Question

The area of the region enclosed by the lines \( 2x + y = 10 \), \( y = 1 \), \( y = 5 \) and the y-axis is

• A. 28 sq units
• B. 9.5 sq units
• C. 14 sq units
• D. 37.5 sq units

Hint:

For finding the area of a trapezoid, use the formula \( \text{Area} = \frac{1}{2} \times (b_1 + b_2) \times h \), where \( b_1 \) and \( b_2 \) are the lengths of the parallel sides, and \( h \) is the height.

Answer 1

The Correct Option is C

Step 1: Find the points of intersection.
We are given the lines:
- \( 2x + y = 10 \) (Line 1)
- \( y = 1 \) (Line 2)
- \( y = 5 \) (Line 3)
Let's first find the points where Line 1 intersects with \( y = 1 \) and \( y = 5 \).

Step 2: Intersection of Line 1 with \( y = 1 \).
Substitute \( y = 1 \) in \( 2x + y = 10 \):
\[ 2x + 1 = 10 \Rightarrow 2x = 9 \Rightarrow x = \frac{9}{2} \] So, the point of intersection is \( \left( \frac{9}{2}, 1 \right) \).

Step 3: Intersection of Line 1 with \( y = 5 \).
Substitute \( y = 5 \) in \( 2x + y = 10 \):
\[ 2x + 5 = 10 \Rightarrow 2x = 5 \Rightarrow x = \frac{5}{2} \] So, the point of intersection is \( \left( \frac{5}{2}, 5 \right) \).

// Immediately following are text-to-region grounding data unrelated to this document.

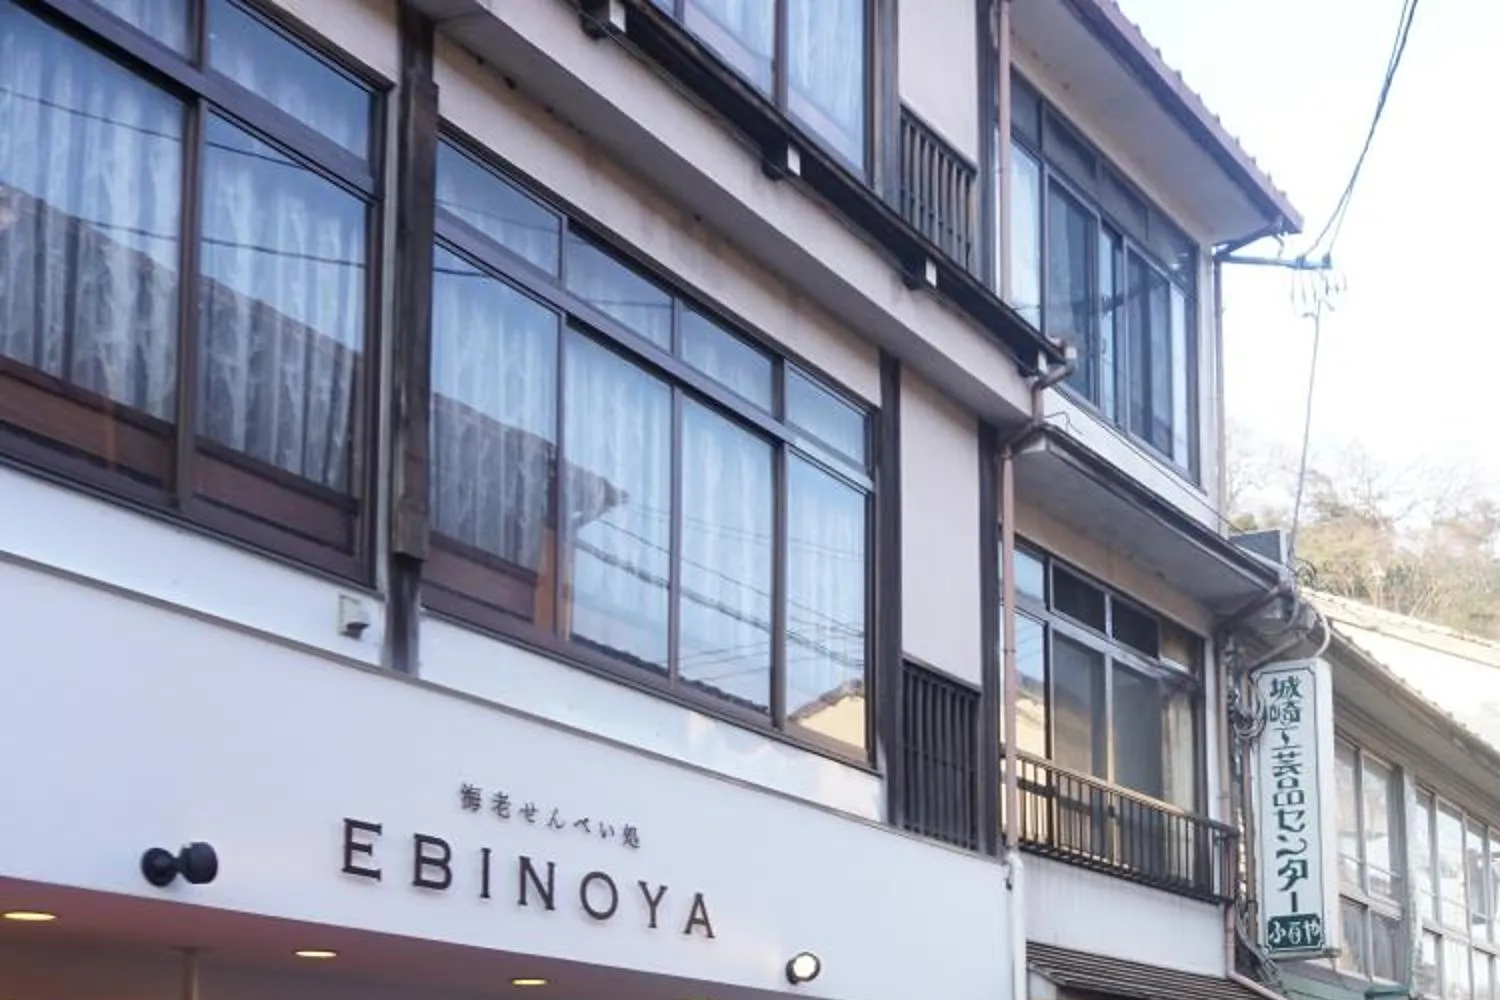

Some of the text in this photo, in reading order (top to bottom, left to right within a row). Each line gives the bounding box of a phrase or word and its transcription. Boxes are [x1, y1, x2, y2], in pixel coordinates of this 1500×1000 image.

[460, 783, 640, 849] 海老せんべい処
[341, 818, 715, 938] EBINOYA
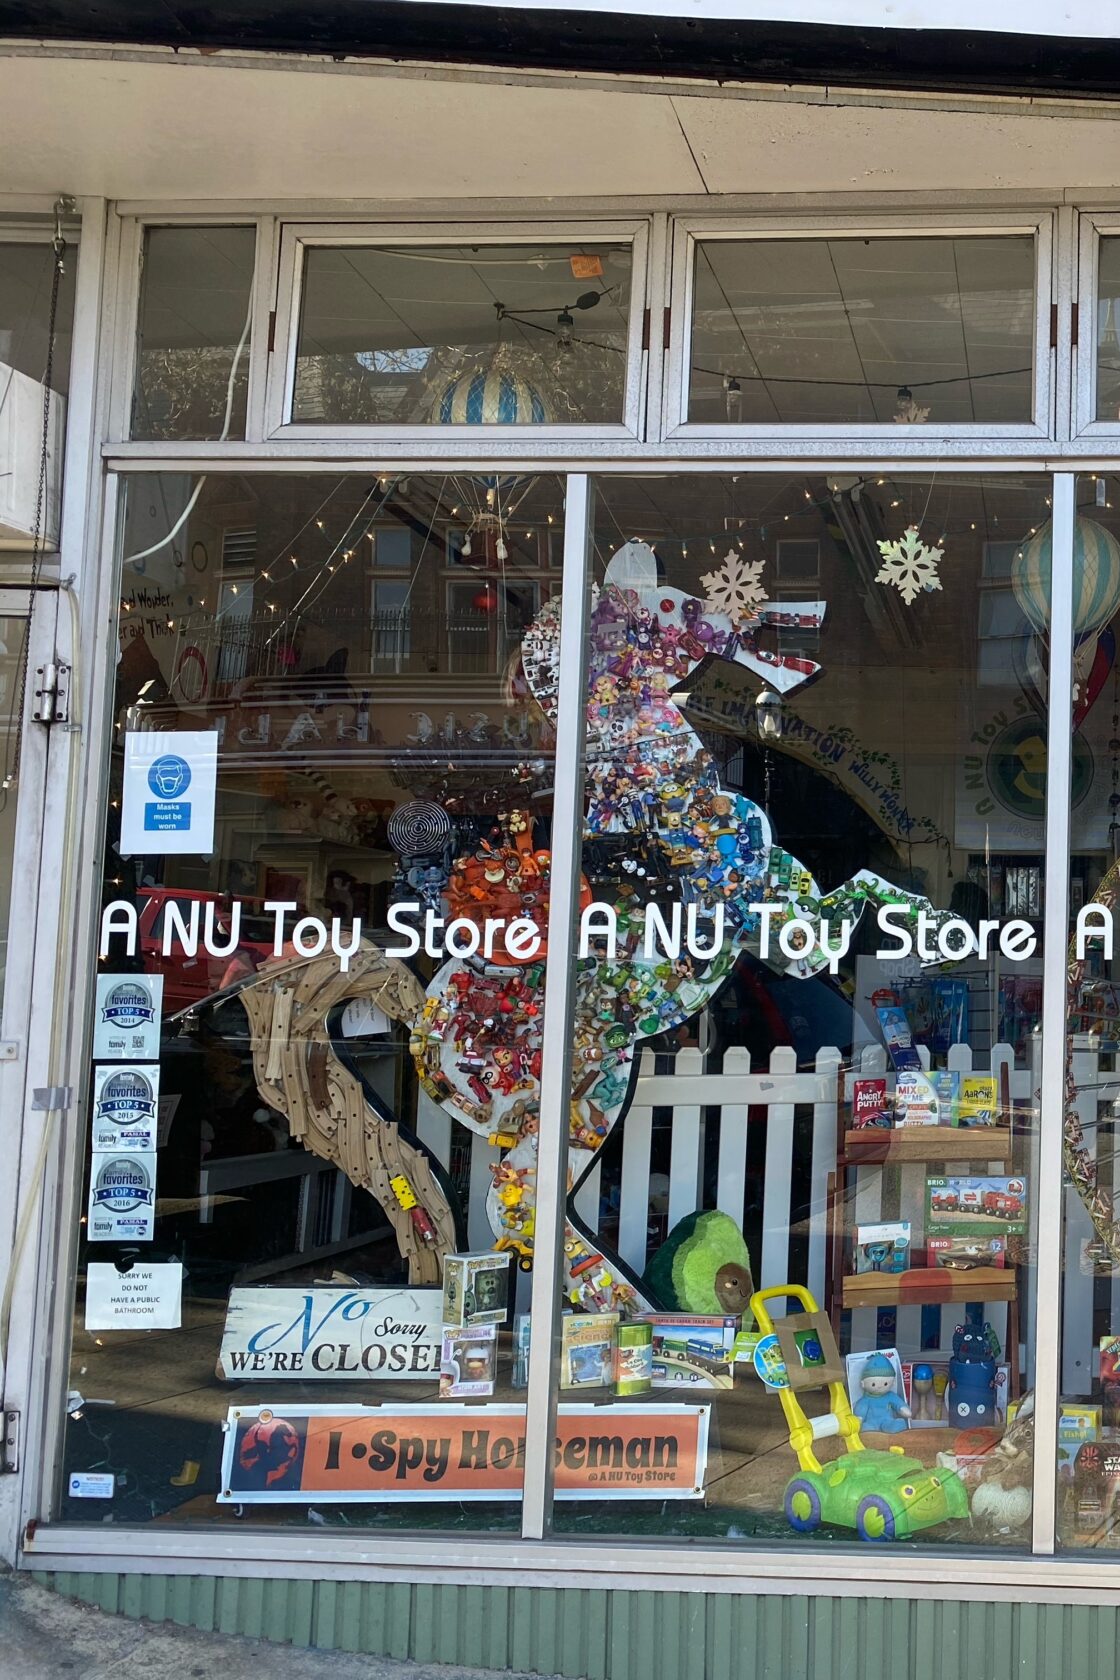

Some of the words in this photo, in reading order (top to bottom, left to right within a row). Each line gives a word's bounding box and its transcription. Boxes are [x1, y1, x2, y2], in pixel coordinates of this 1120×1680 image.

[172, 812, 182, 820] be
[100, 901, 137, 957] A
[162, 901, 240, 958] NU
[264, 902, 362, 972] Toy
[385, 903, 541, 960] Store
[1076, 903, 1113, 960] A
[579, 903, 616, 959] A
[644, 903, 724, 960] NU
[748, 904, 850, 974] Toy
[876, 904, 1037, 961] Store
[111, 994, 147, 1005] favorites
[115, 1007, 132, 1015] TOP
[107, 1086, 147, 1098] favorites
[857, 1090, 882, 1102] ANGRY
[112, 1100, 132, 1109] TOP
[134, 1101, 139, 1109] 5
[857, 1100, 882, 1112] PUTTY
[103, 1173, 143, 1185] favorites
[108, 1188, 129, 1197] TOP
[130, 1189, 136, 1197] 5
[113, 1199, 131, 1207] 2016
[374, 1316, 427, 1343] Sorry
[229, 1351, 304, 1371] WE'RE
[311, 1343, 441, 1372] CLOSE
[324, 1430, 342, 1470] I
[368, 1430, 451, 1482] Spy
[599, 1472, 607, 1481] A
[624, 1471, 643, 1483] Toy
[645, 1470, 676, 1482] Store

Step 4: Find the area of the trapezoid.
The region is a trapezoid with the vertices \( \left( 0, 1 \right) \), \( \left( \frac{9}{2}, 1 \right) \), \( \left( \frac{5}{2}, 5 \right) \), and \( \left( 0, 5 \right) \). The area of the trapezoid is given by the formula:
\[ \text{Area} = \frac{1}{2} \times (b_1 + b_2) \times h \] where \( b_1 = \frac{9}{2} \), \( b_2 = \frac{5}{2} \), and the height \( h = 4 \) (the difference in \( y \)-coordinates).
Thus, the area is:
\[ \text{Area} = \frac{1}{2} \times \left( \frac{9}{2} + \frac{5}{2} \right) \times 4 = \frac{1}{2} \times \left( \frac{14}{2} \right) \times 4 = 14 \, \text{sq units} \]

Step 5: Final Answer.
Thus, the area of the region enclosed by the lines and the y-axis is \( 14 \) sq units.